The 2016 oil agreement sets out what are recoverable costs, CAPEX and OPEX do not apply

Dear Editor,

Self-described adjunct professor and financial analyst Joel Bhagwandin, in responding to questions Mr. Nigel Hinds asked of the Senior Minister of Finance in a letter in the Stabroek News of October 8, 2022, states that all of the information is publicly available.

It is true that answers to some of the questions raised by Mr. Hinds are so available. For example, the answer to question 1 on regional budgetary allocation is found on pages 19/20 of Volume 1 of the Estimates of Expenditure for 2022; that on question 3 on subventions to non-governmental organisations is found on pages 601 to 607 of the same volume, while the answers to question 6 on royalties and question 7 on Profits received by the Government of Guyana in 2021 can be found on the Bank of Guyana website. The professor may care to tell Mr. Hinds where he can find the answers to the other questions. 

Equally inadequate but totally distasteful and unacceptable is Bhagwandin‘s letter in the Stabroek News of October 8, rife with contempt and condescension of real Professor Hunte on the 2016 Petroleum Agreement. Bhagwandin accuses Hunte of “bewildering the mental faculties of intellectuals”, no doubt such as himself, accusing Hunte of being “clueless”. With characteristic arrogance, not justified by his demonstrated questionable knowledge, facts and conclusions, Bhagwandin begins paragraph 3 by saying “let me explain” and then goes on to demonstrate cluelessness. Using terms like CAPEX and OPEX may make one sound erudite, but those terms do not apply to the 2016 Agreement. Section 2 of Annex C to the Agreement sets out what are recoverable costs under Article 11 – Cost Recovery and Production Sharing. For the benefit of Bhagwandin, these are Exploration Costs; Development Costs; Operating Costs, Service Costs; and General and Administrative Costs and Annual Overhead Charge. These are further described in Section 2.

More ominously for Guyana, under Article 12 of the Agreement, “costs and expenses incurred by the oil companies in the production, use and/or disposal of the Associated Gas …. and those incurred in carrying out any feasibility study on the utilisation of excess associated gas shall be charged to the development costs of the oilfield and shall be recoverable contract costs.” Similarly, for Non-associated Gas, “the expenses incurred in carrying out any Appraisal Programme and all costs incurred outside the Production Area associated with an approved Development Plan for an export gas project, including costs associated with utilisation of third-party infrastructure or construction of onshore processing facilities” are also considered Recoverable Contract Costs under Article 11.

Equally mistaken are Bhagwandin’s next two paragraphs on the presumed benefits to the country and the oil companies occasioned by the 75% cost ceiling. In fact, the plain and simple reason for limiting recoverable contract costs in any single month is to ensure that the host country derives some revenue, no matter how bad the results of that month are. 

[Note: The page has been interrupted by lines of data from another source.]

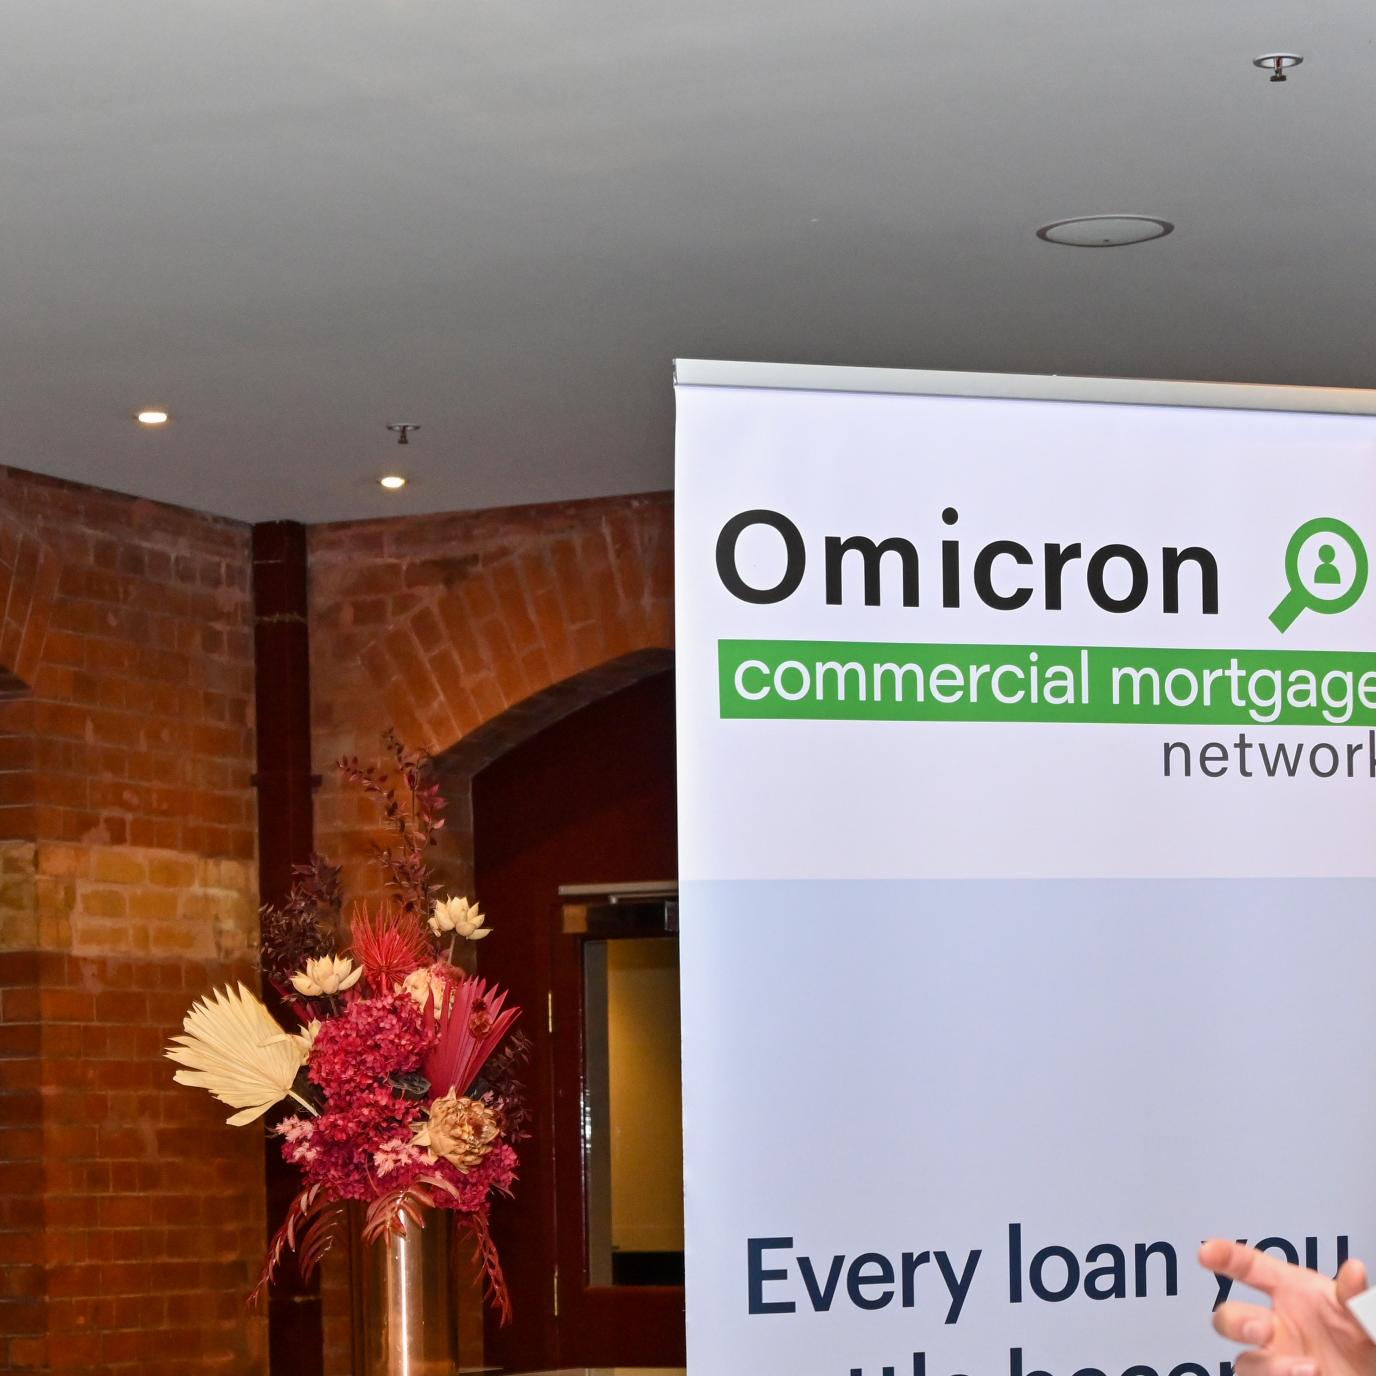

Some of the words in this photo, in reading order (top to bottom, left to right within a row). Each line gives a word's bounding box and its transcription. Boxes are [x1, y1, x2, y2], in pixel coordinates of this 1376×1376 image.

[715, 507, 1219, 614] Omicron
[734, 650, 1090, 706] commercial
[747, 1236, 983, 1325] Every
[1009, 1222, 1178, 1304] loan
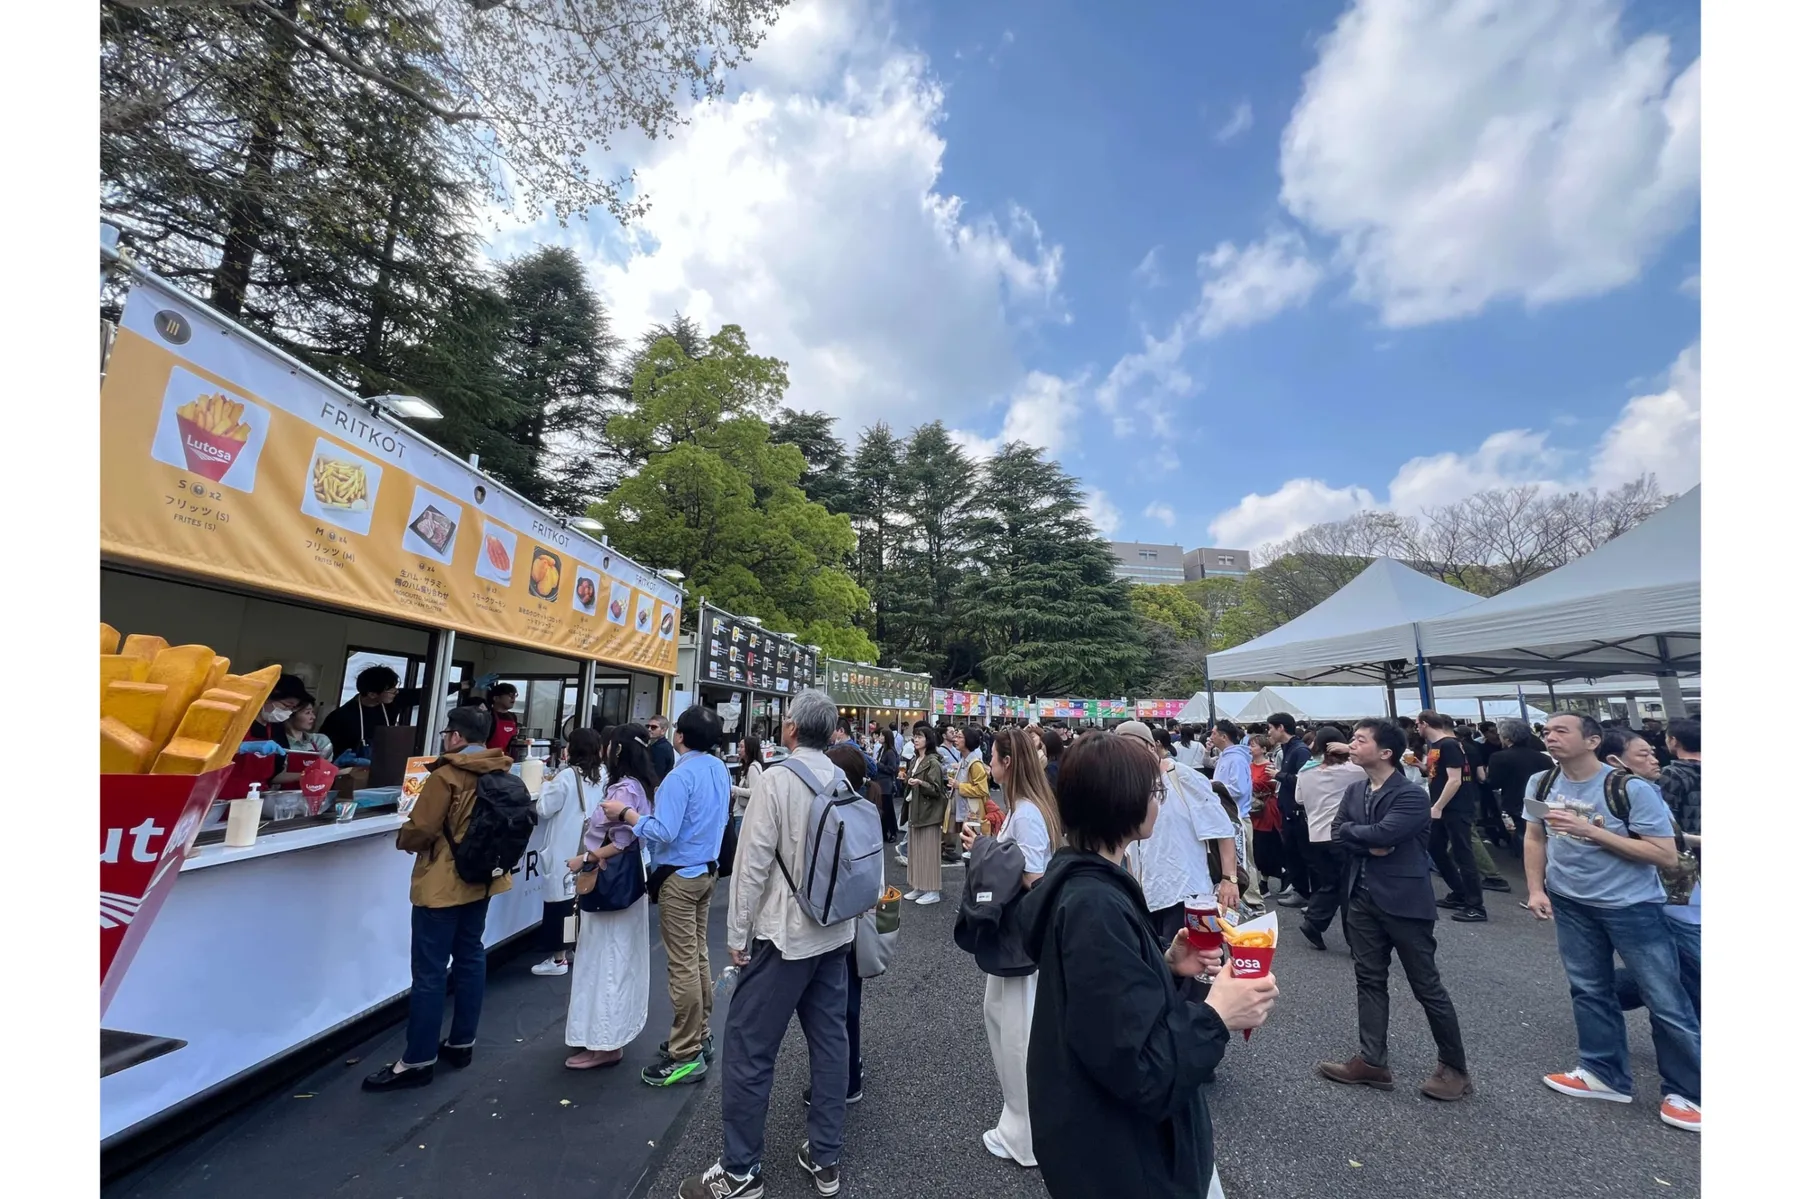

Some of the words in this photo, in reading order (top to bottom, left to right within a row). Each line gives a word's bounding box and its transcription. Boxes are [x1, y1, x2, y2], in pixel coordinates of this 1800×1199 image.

[321, 402, 406, 458] FRITKOT
[187, 434, 231, 461] Lutosa
[178, 479, 187, 489] S
[209, 491, 222, 501] x2
[165, 495, 212, 516] フリッツ
[216, 511, 230, 523] (S)
[173, 513, 202, 527] FRITES
[204, 522, 216, 532] (S)
[315, 527, 324, 536] M
[532, 520, 570, 548] FRITKOT
[305, 540, 340, 556] フリッツ
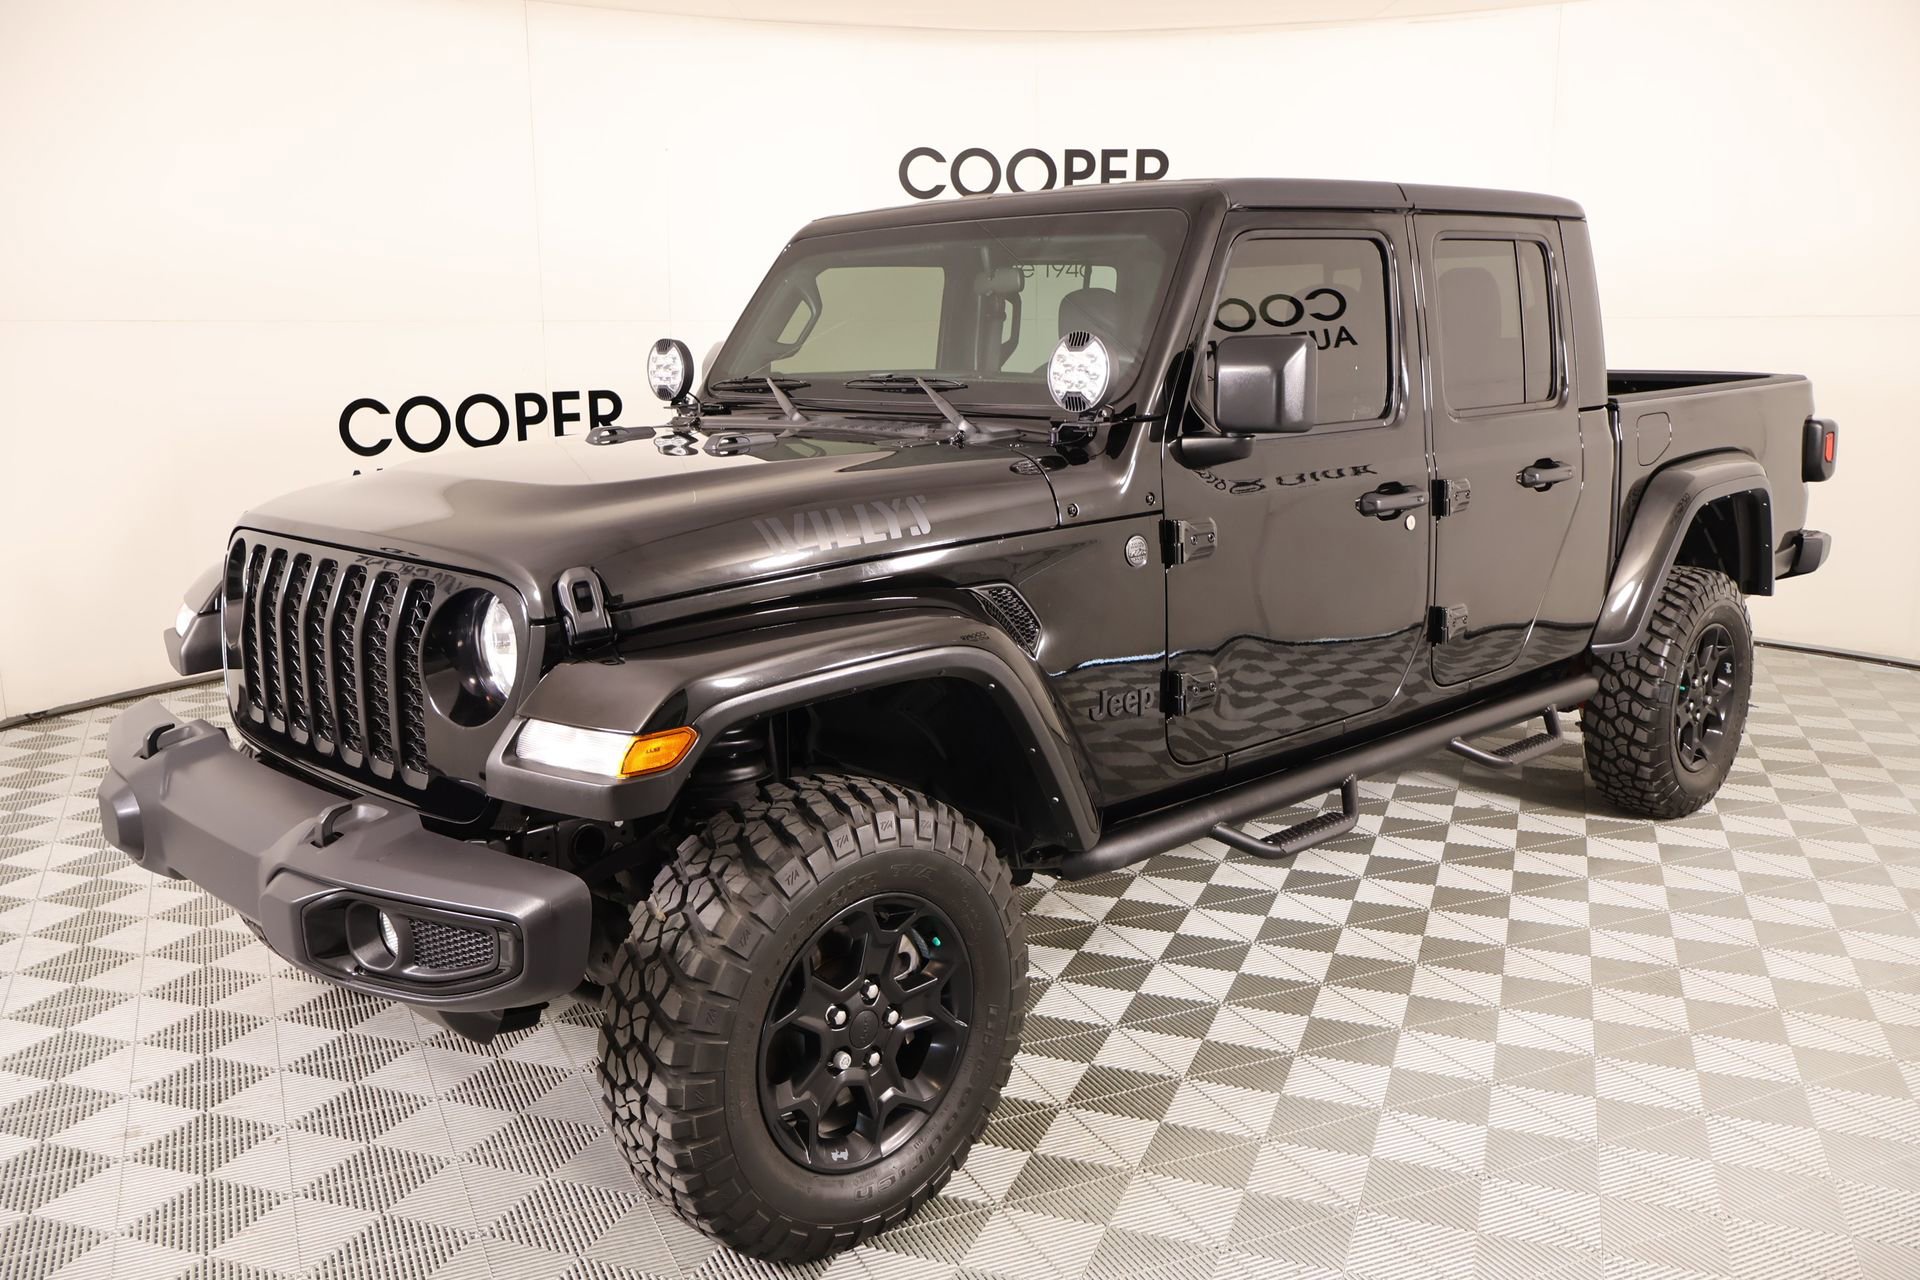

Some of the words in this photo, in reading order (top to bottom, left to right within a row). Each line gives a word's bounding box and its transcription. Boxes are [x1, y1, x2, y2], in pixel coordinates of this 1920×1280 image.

[899, 147, 1170, 199] COOPER
[339, 390, 623, 456] COOPER
[752, 494, 932, 554] WILLYS
[1088, 686, 1155, 721] Jeep
[835, 834, 849, 848] T/A
[880, 820, 893, 831] T/A
[784, 869, 800, 886] T/A

To further demonstrate his unfamiliarity with the 2016 Agreement and the 1986 Petroleum Exploration and Production Act, Bhagwandin in his final paragraph asserts that “with ongoing exploration over the coming years”, fresh discoveries will extend the industry‘s life by 30 years. Had he read the Act and the Agreement, he would know that barring force majeure, the life of the Agreement and licenses granted thereunder has a limit of 40 years. With two extensions, the duration of the exploration period is 10 years while production, with a single permitted extension, goes for 30 years. There is no such thing as “another 30 years”. Bhagwandin is either conflating Esso/Hess/CNOOC and the petroleum industry or is unfamiliar with Articles 4 and 5 of the Petroleum Agreement which require the oil companies to give up 20% of the contract area after the end of the first renewal period (Article 5.1) – which incidentally is due next year – and the entire contract area – the remaining 80% of the 26,806 sq. km. except areas specified with explicit clarity under Article 5.2 of the Agreement – at the end of 10 years (Article 4.1 (b).

The recent exchanges may not be particularly productive and Professor Hunte should avoid following Bhagwandin down his CAPEX and OPEX rabbit hole. The Institute of Chartered Accountants in England and Wales considers accounting for the extractive industries to be a specialist area that requires expertise and an understanding of the business. There is too a separate international financial accounting standard (IFRS) for exploration for and evaluation of mineral resources while the USA has specific accounting rules and regulations that apply to companies engaged in oil and gas producing activities. Some familiarity with these special rules is important for an informed discussion.

Unfortunately, Professor Bhagwandin is not alone. I am saddened that persons who have an infinitely  greater claim to expertise and erudition than he, repeatedly misrepresent important elements of the Agreement, including profit accruing to Guyana and the renegotiation of the contract. They do a disservice to our country by detracting from the fundamental imperative for its urgent renegotiation.   

Letter writers, columnists, journalists and editors have a responsibility for facts, respect for grammar, integrity in writing and proper research. The right to write is not a license to offend these basic principles.